On 2014-11-23, Andreas Metzler <[email protected]> wrote:
> On 2014-11-22 Heiko Schlittermann <[email protected]> wrote:
> [...]
>> Hm, a configuration file that is better readable is always a gain. A
>> complex configuration is not always read or maintained by an expert.
>
> Hello,
> Well, for me personally distinguishing private router options does not
> increase readability. If I set a option I need to understand what it
> does and why I want it.

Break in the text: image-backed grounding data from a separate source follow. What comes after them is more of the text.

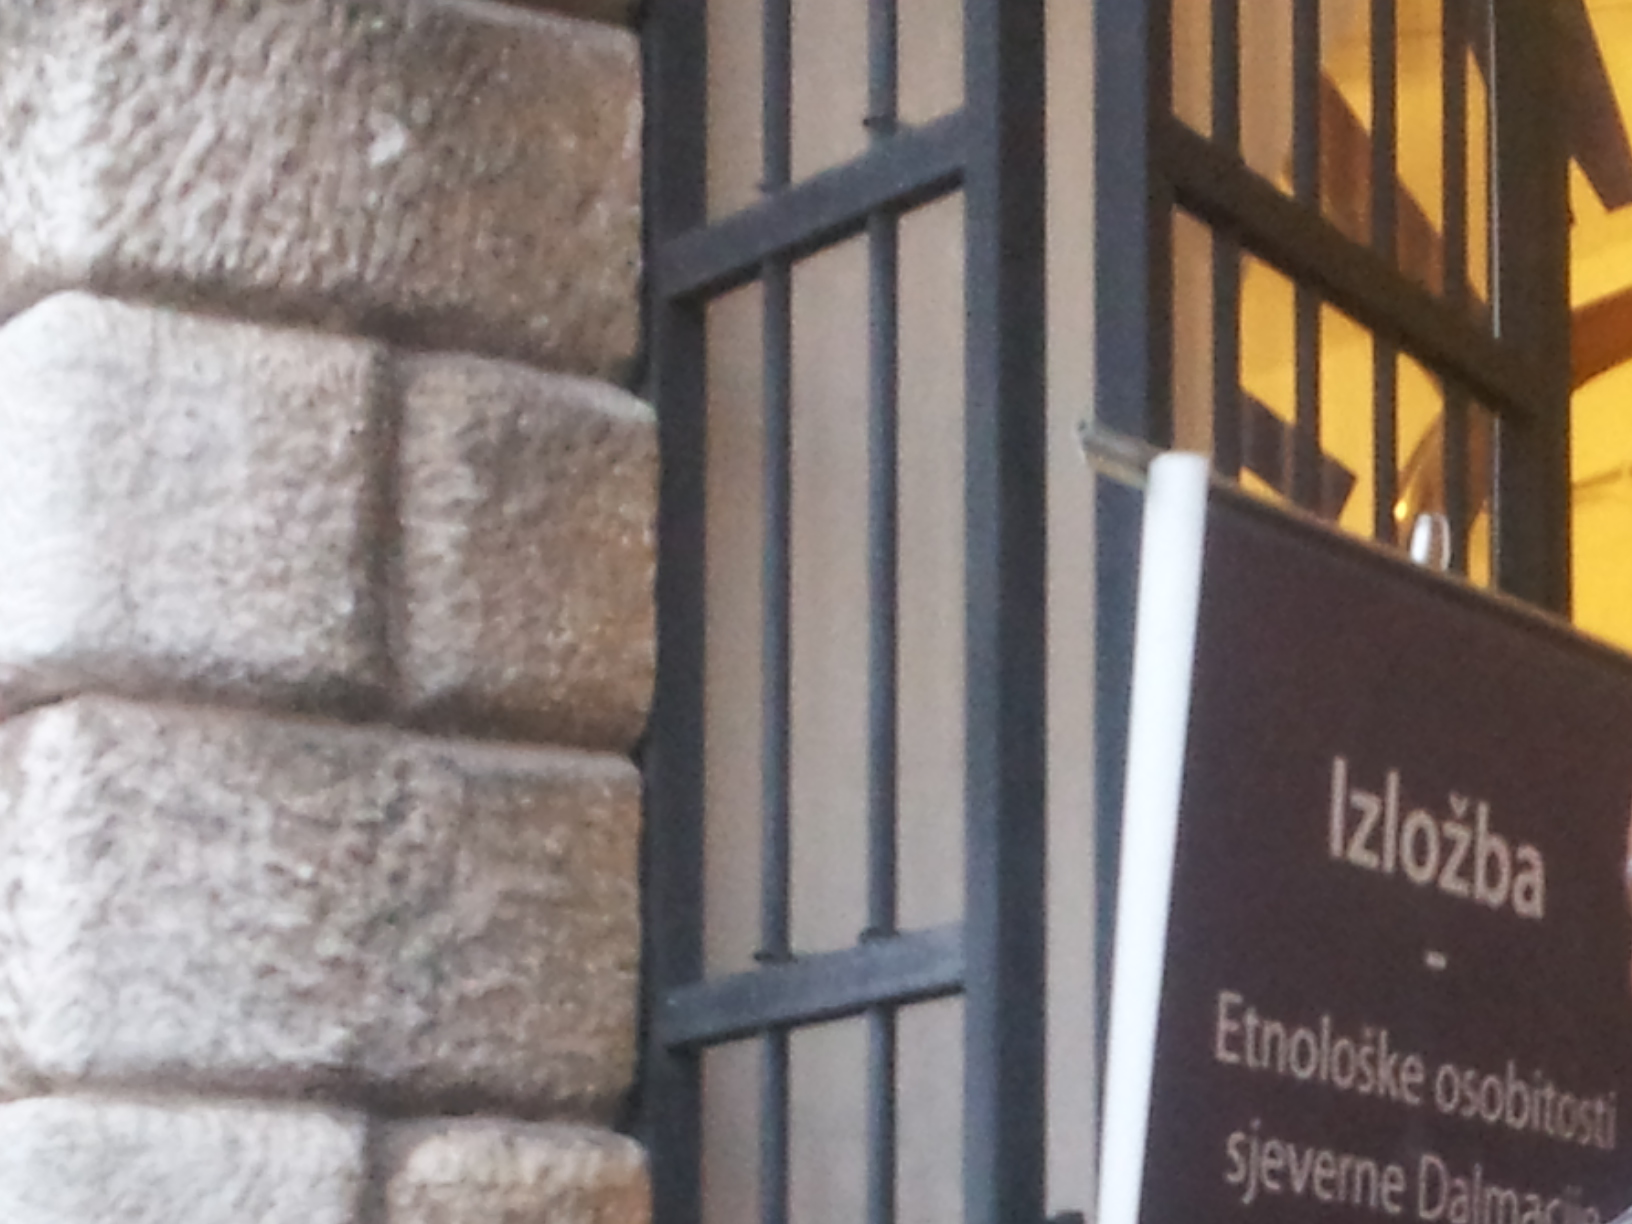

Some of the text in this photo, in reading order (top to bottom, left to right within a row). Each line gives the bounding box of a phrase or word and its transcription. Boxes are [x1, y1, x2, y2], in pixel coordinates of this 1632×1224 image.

[1328, 755, 1546, 919] Izložba
[1214, 991, 1618, 1150] Etnološke osobitosti
[1225, 1119, 1406, 1214] sjeverne
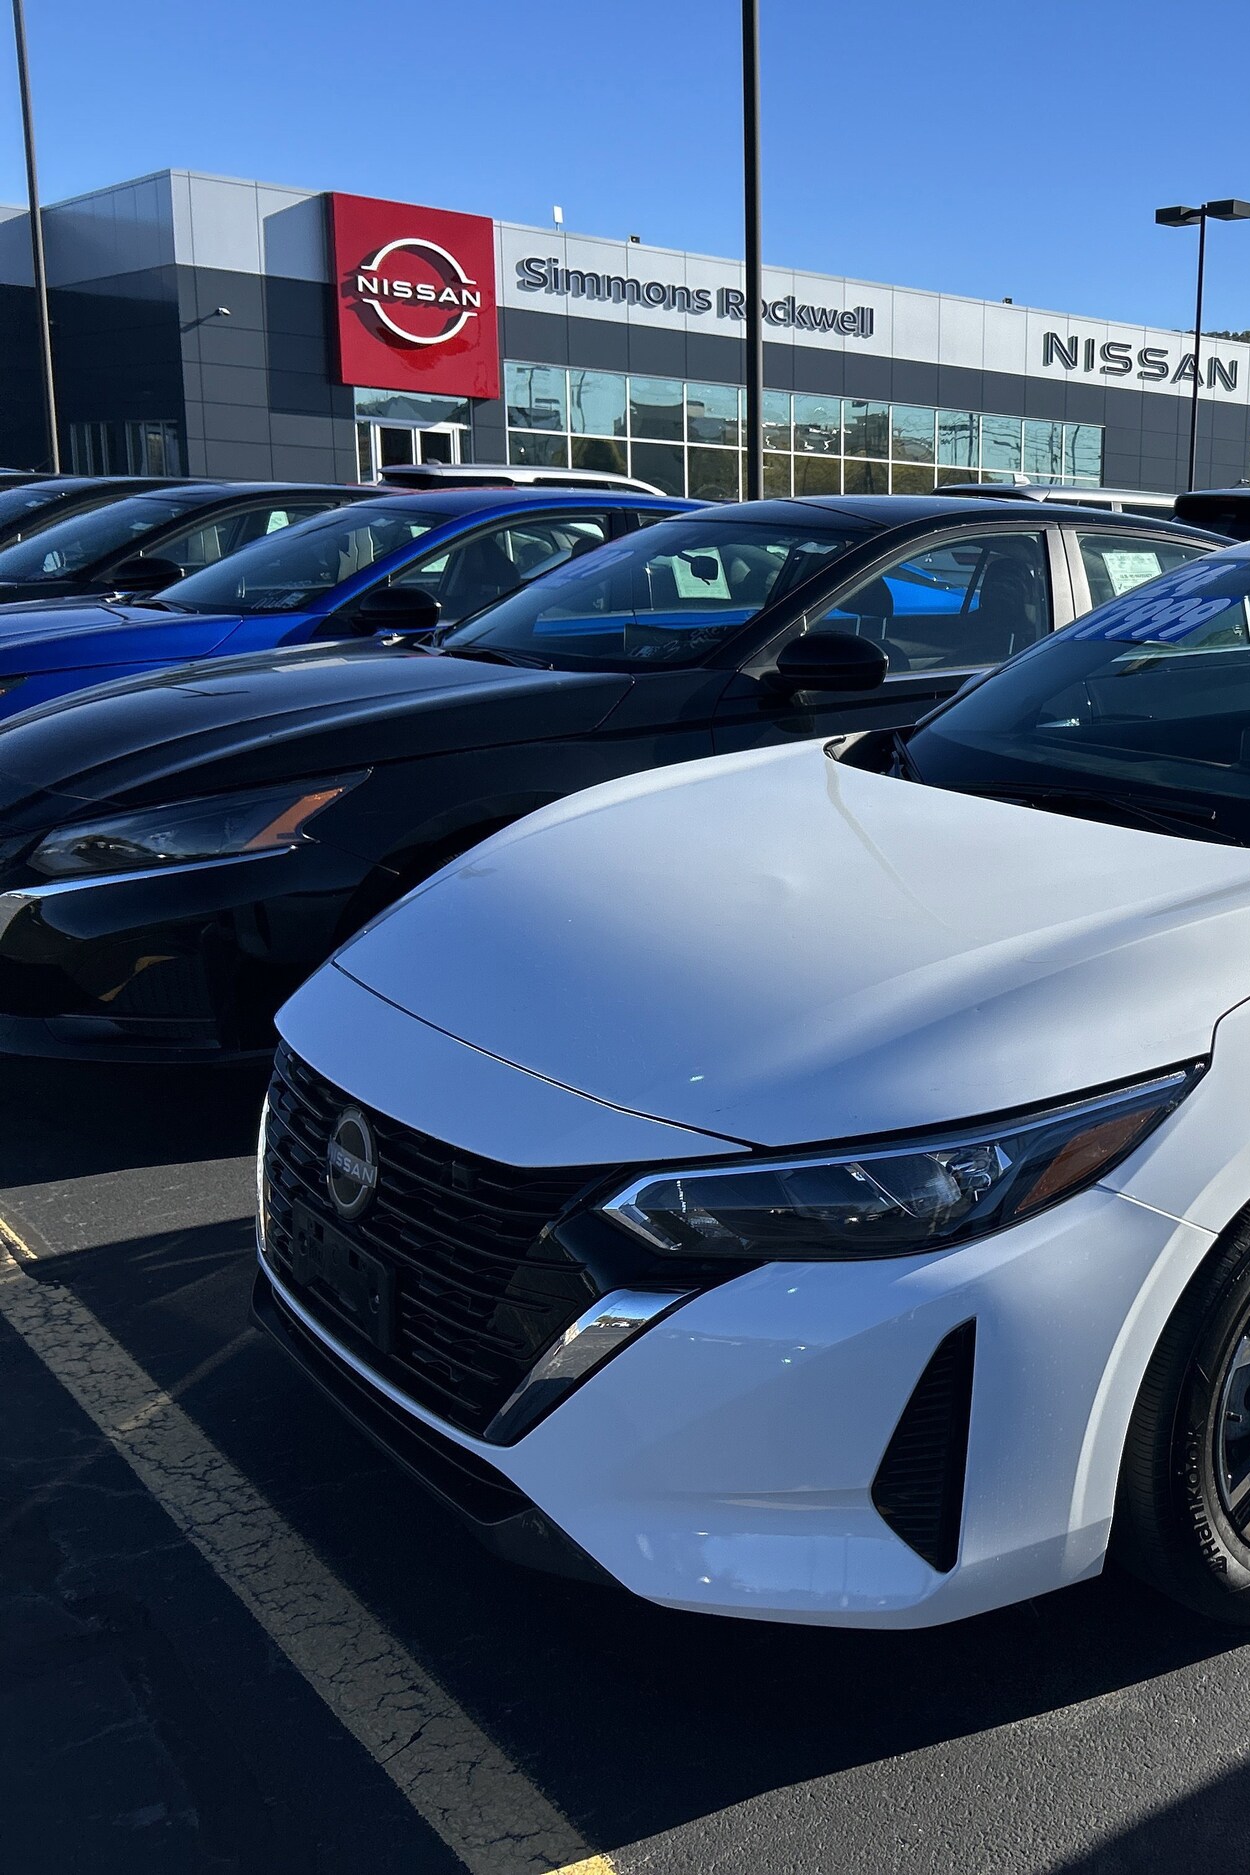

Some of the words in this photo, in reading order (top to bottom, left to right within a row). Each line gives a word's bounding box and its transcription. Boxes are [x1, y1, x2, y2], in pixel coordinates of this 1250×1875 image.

[357, 275, 481, 308] NISSAN
[518, 257, 713, 314] Simmons
[1043, 332, 1239, 392] NISSAN
[328, 1141, 374, 1184] NISSAN
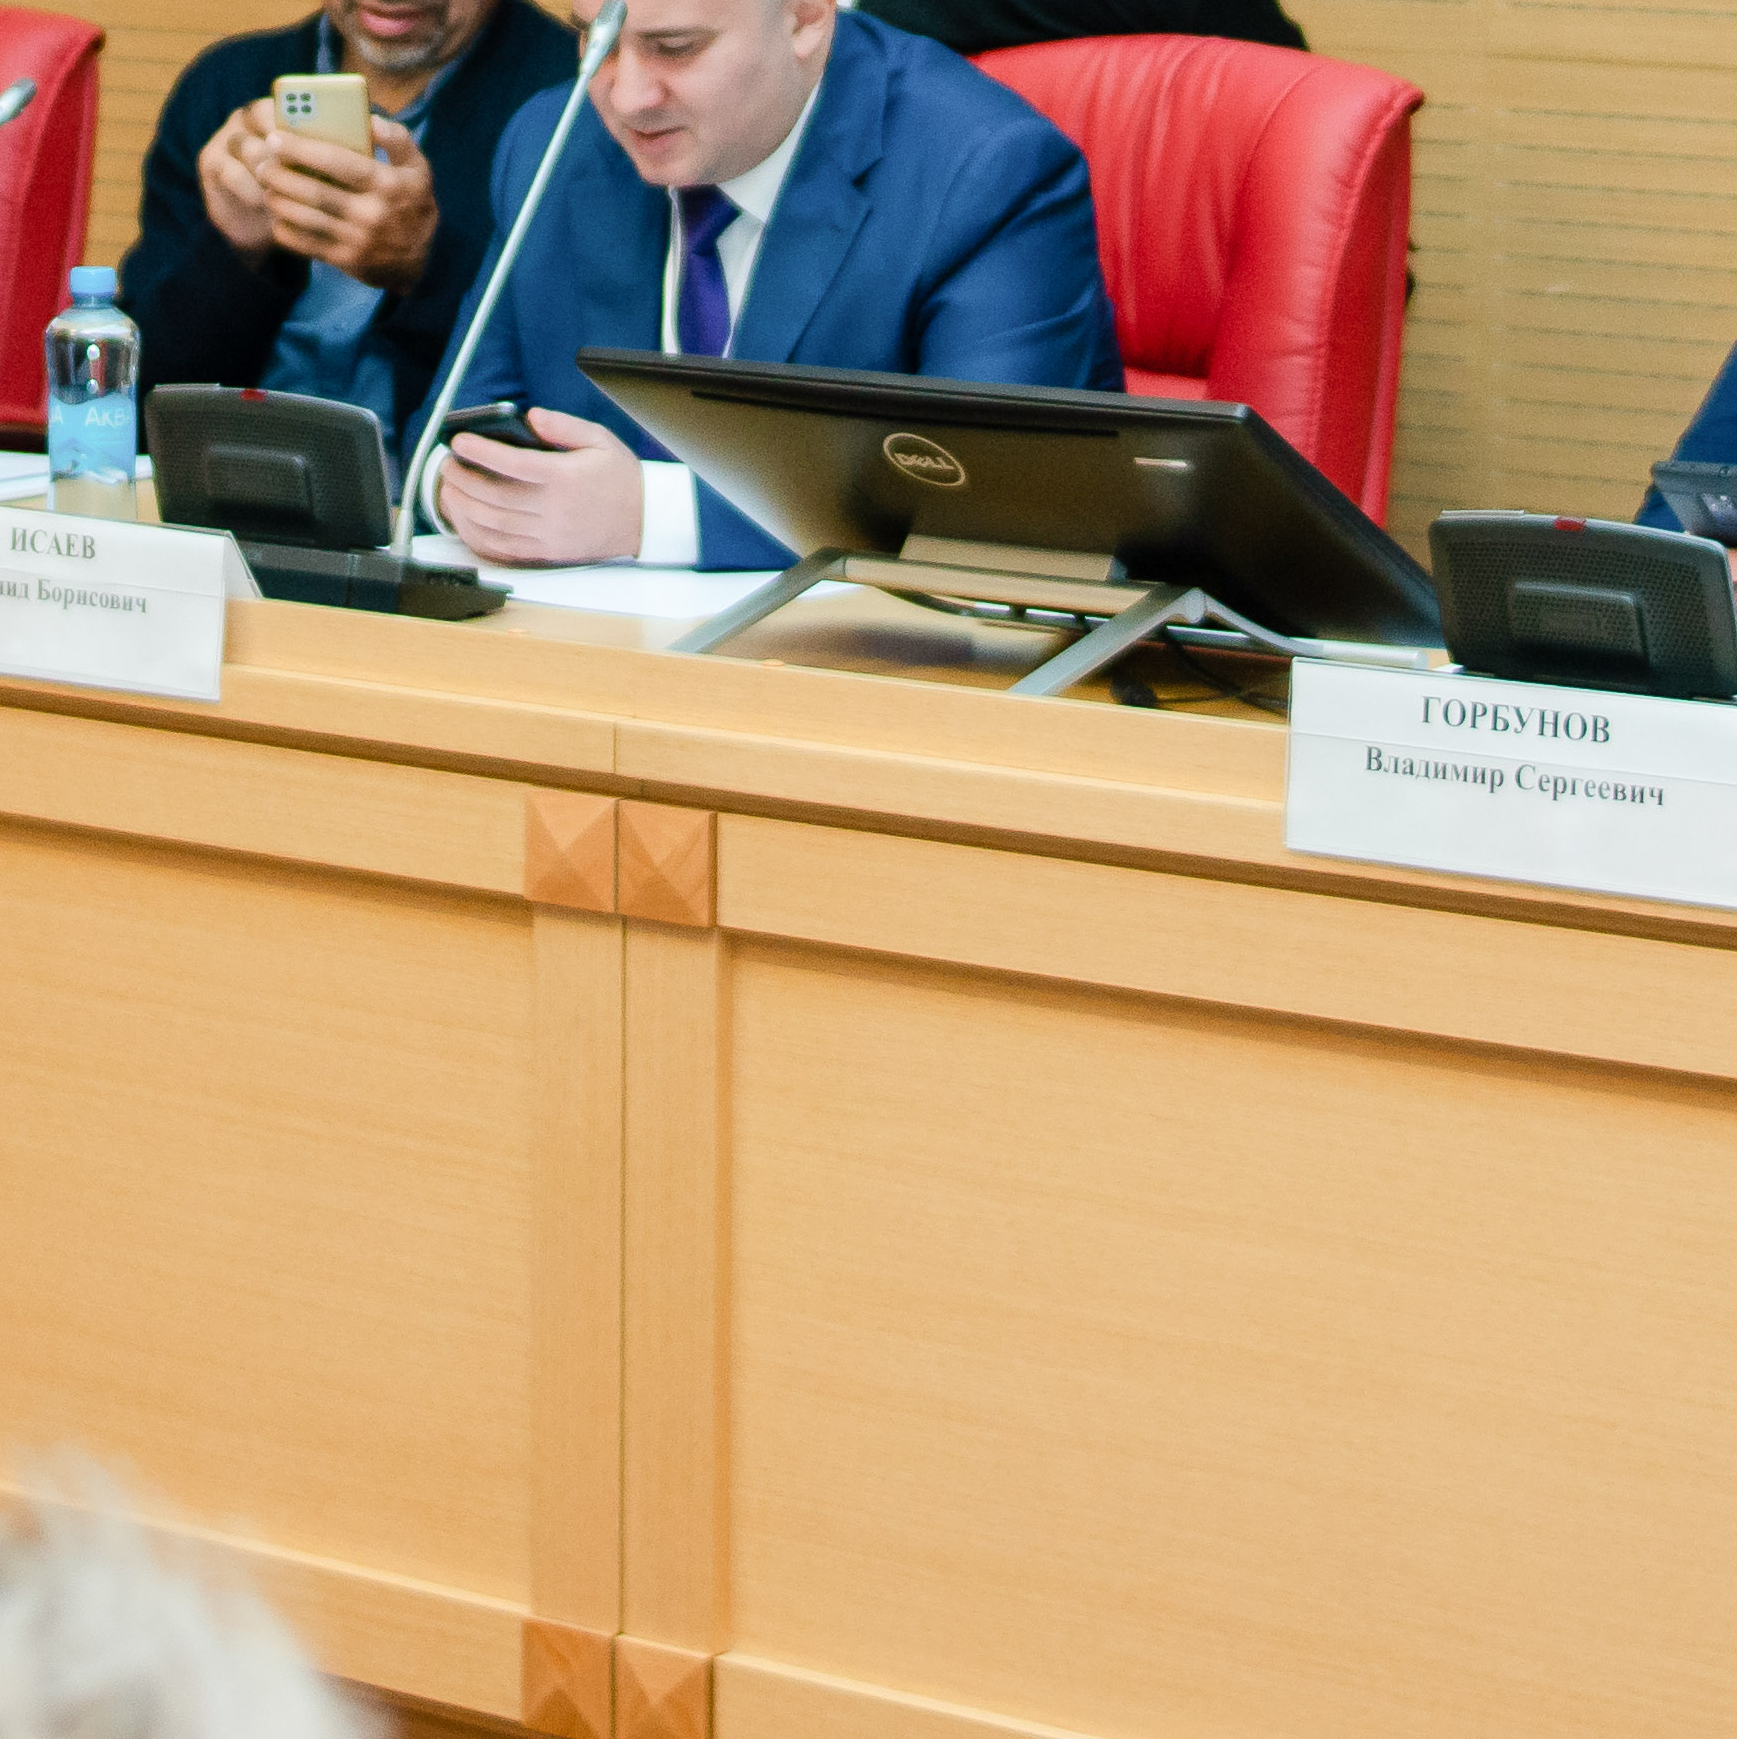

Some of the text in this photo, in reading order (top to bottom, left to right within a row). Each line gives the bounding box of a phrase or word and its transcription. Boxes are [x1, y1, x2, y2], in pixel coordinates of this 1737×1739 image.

[10, 526, 97, 560] ИСАЕВ
[37, 578, 148, 614] Борисович
[1420, 694, 1611, 744] ГОРБУНОВ
[1365, 745, 1665, 807] Владимир Сергеевич

The information that it is specific to the
> redirect router or would apply to ipliteral router does not interest
> me a lot.
>
> But that is really just me personally, so I do not think it should
> count for much in the discussion.
>
> OTOH I have pretty good idea that renaming the option and dropping the
> old name would cause loads of work for many people in the distribution
> context (Debian).

Debian works mainly with pre-cooked config files, changing the name of
an option would mean reviewing all the packages with "exim" in their
name, applying find-and-repace and setting exim version dependancies
as apropriate.  IOW a large number of trivial tasks.

> BTW: Do we currently have router options that do not apply to all
> routers but are shared by at least two of them?

I'm guessing that the ipliteral, iplookup, and dnslookup routers share
some fetures not found in the accept router.